I’d forgotten that she didn’t know what the Snow Ball was, especially since I’d been turning the idea over in my mind for the past few days.

“It’s this cheesy school dance, where you go in the gym and dance to music and stuff,” I explained. “I’ve never been, but I know you’re not supposed to go with your sister.”

“No?” 

“I mean…you can, but it’d be really weird. You go to school dances with someone that you, you know…someone that you like.”

“A friend?”

Not a friend, but that was a hell of a lot better than sister.

“Not a friend. Uh….uh. Uh, someone like a…” She was staring at me, forehead wrinkled, trying to understand while I babbled incoherently.
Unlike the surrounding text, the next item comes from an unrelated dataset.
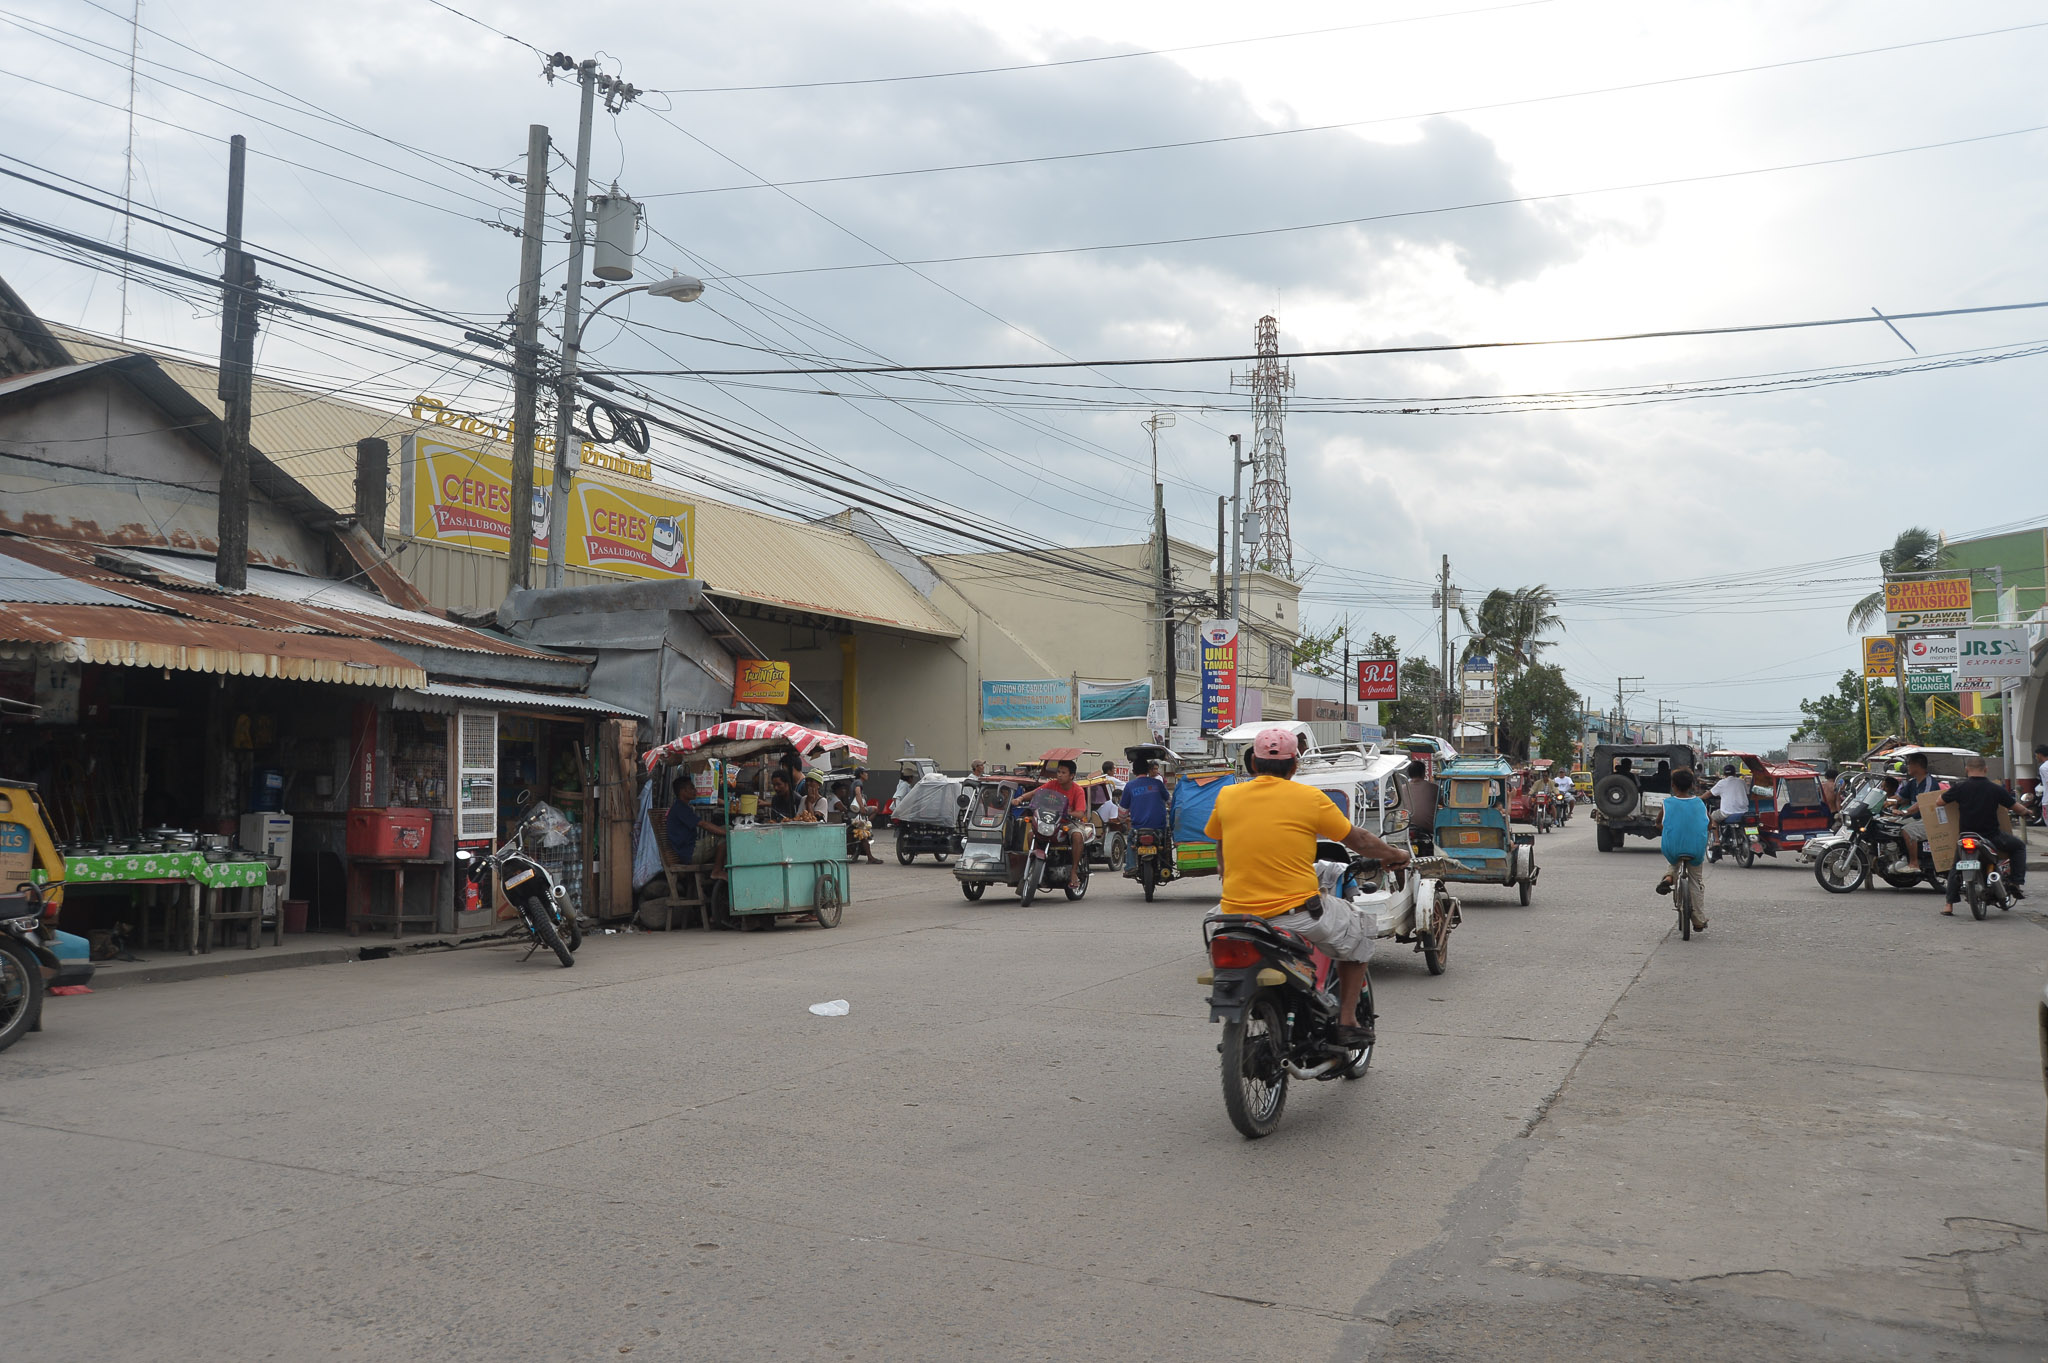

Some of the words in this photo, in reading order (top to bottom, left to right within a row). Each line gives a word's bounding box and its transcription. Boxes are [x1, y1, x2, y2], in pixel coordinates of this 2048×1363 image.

I gave up. I was never going to get the words out. I’d have to tell her a different way. Without even thinking about it, I leaned forward quickly and kissed her. I pulled back slowly, watching her face for her reaction and hoping for the best. 

She looked surprised. She gave a little gasp and my heart sank, but then her face lit up and she smiled at me. I smiled back, relieved. And happy. Fucking ecstatic, actually. I turned pink again and glanced away.

Headlights swept over us, over the cafeteria, through the windows behind us. Someone was pulling into the parking lot.

“Nancy! Hold on, I’ll be right back.” She was still watching me. She looked happy. Almost as happy as I felt. I touched her gently on the shoulder as I hurried around her. “Just stay here.”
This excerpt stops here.